In 1962, a young Jewish-American psychiatrist named Robert J. Lifton went to Hiroshima to conduct research on the impact of the atomic bomb.1 In his first week there he met a Japanese colleague by the name of Kubo Yoshitoshi. Lifton hoped to learn from Kubo about his research into the psychological trauma of hibakusha (A-bomb survivors). The meeting was not a success, however. In a letter to a friend, Lifton remarked, ‘I found our talk curiously unsatisfying, and it was hard to tell exactly what he was after in his studies’.2 Although Kubo’s research was not unimportant, it is easy to understand Lifton’s frustration. In the previous seventeen years only a handful of researchers, either Japanese or American, had tackled the psychological consequences of the bomb. In his effort to change this situation, Lifton conducted groundbreaking research. Together with work on Holocaust survivors and Vietnam veterans, with which he was also involved, his Hiroshima research eventually led to the creation of the category of Post-Traumatic Stress Disorder (PTSD) and its entry into the American Psychiatric Association (PSA)’s Diagnostic and Statistical Manual of Mental Disorders (DSM III). This development had profound effects far beyond the narrow field of psychiatry.3 Kubo’s work, by comparison, and that of other Japanese researchers, remained virtually unknown and did not lead to any advances in trauma research. Taking the Kubo-Lifton meeting as a point of departure, this article surveys the reactions of the psychiatrists in Hiroshima and in the US to the A-bomb’s psychological impact, and examines how Cold-War politics, American denial, and the difficulty of studying so-called A-bomb disease limited recognition of the trauma suffered by those who were exposed to the bomb.

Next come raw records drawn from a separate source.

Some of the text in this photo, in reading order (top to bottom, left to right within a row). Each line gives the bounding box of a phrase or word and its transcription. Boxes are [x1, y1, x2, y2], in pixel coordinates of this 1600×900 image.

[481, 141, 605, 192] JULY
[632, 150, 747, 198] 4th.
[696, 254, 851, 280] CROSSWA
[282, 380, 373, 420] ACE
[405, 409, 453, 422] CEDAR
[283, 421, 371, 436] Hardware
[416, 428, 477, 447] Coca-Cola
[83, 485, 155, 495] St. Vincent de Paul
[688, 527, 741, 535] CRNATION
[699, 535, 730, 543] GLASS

After the dropping of the nuclear bombs on Hiroshima and Nagasaki hibakusha faced a dismal lack of care, and the multiple psychological effects of their experience in August 1945 were poorly understood. The contemporary experience of many Holocaust survivors was quite different. From the mid 1950s onward, a substantial body of medical, legal, and historical work developed around Holocaust trauma, which in turn led to adequate care and compensation for survivors.4 Acknowledgement of their suffering, however, did not come easily. Victims of Nazi persecution had to fight a German campaign of denial and obstruction. Much of the subsequent research was [End Page 67] therefore produced by sympathetic investigators and campaigners from the US, Israel, and elsewhere, who set out in the late 1950s and 1960s to help survivors obtain care and compensation.5 No such campaign was conducted on behalf of A-bomb survivors. Only a handful of Japanese doctors were working on the issue, and no compensation or care for mental injuries existed until the 2010s.6 What then accounts for these very different histories?

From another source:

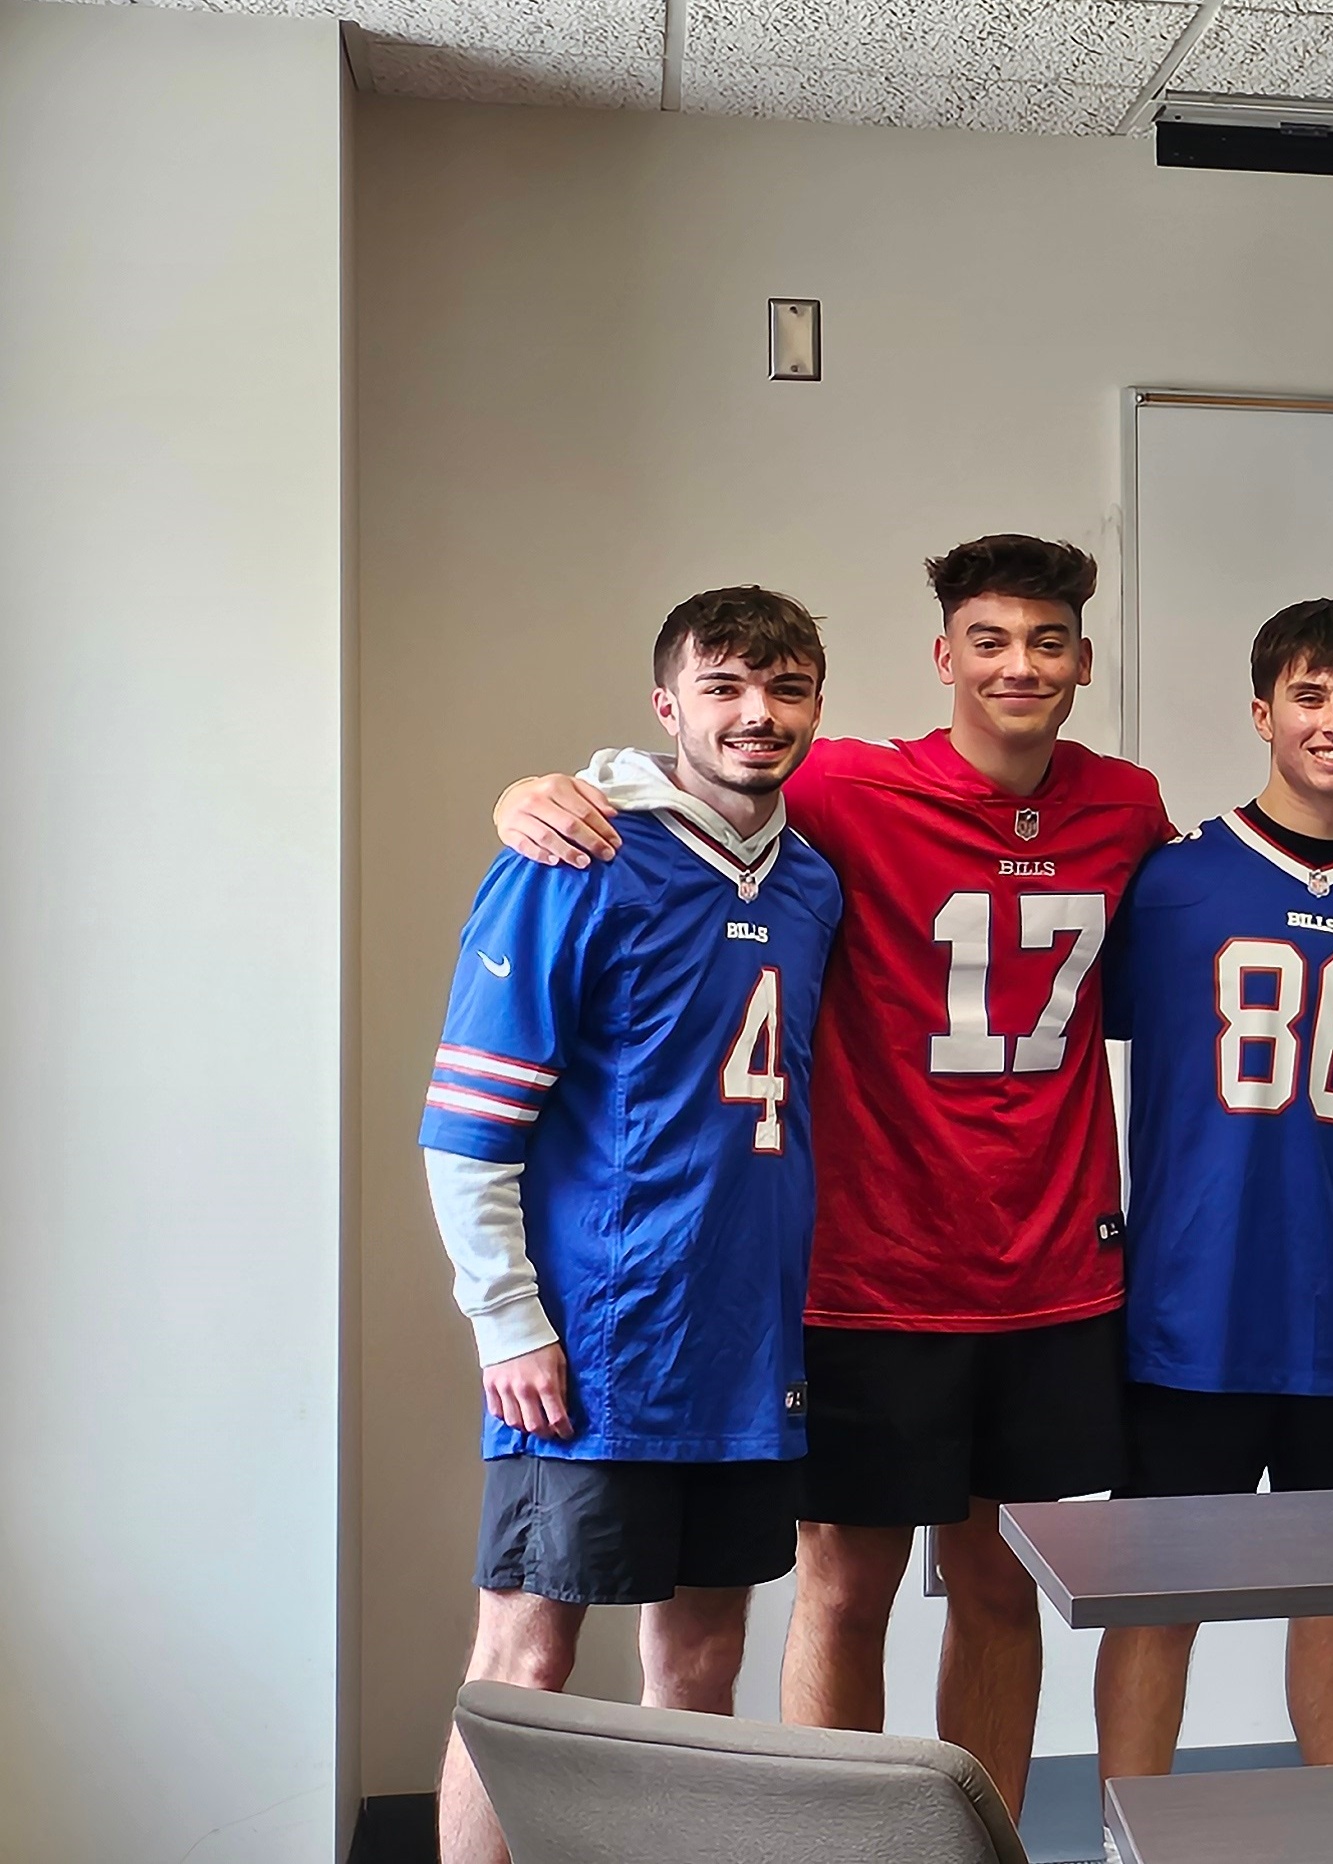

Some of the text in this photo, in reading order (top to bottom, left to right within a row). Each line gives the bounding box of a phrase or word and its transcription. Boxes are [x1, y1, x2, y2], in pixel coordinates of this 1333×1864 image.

[998, 859, 1056, 877] BILLS
[727, 922, 768, 943] BILLS
[929, 892, 1106, 1074] 17
[720, 967, 787, 1156] 4

The Holocaust and the nuclear destruction of Hiroshima and Nagasaki were events of a different order, producing vastly different reactions and postwar histories. It should not come as a surprise that the histories of psychiatry in the two cases are also different. As the present author has demonstrated elsewhere, however, the Holocaust and the A-bomb were seen up to the 1960s, and arguably even to the end of the Cold War, as comparable and interchangeable symbols of the worst that humans can do to other humans.7 Furthermore, following Lifton (and especially after the establishment of PTSD), psychiatrists and psychologists have routinely viewed both cases as medically comparable.8 Yet the pre-DSM III reaction of contemporary psychiatrists was quite different. Examining the campaigns of denial that both communities faced brings the commonalties and differences into sharper focus, and allows us to understand better the role played in both cases by denial of psychological suffering. The point here is not to argue that Japanese and American doctors should have recognized PTSD in hibakusha, nor to condemn their blindness in contrast to our ‘enlightened’ present. Indeed, as Svenja Goltermann has noted, much of the use of PTSD in trauma studies ignores the fact that the category is a historical construct and was unavailable, or in the...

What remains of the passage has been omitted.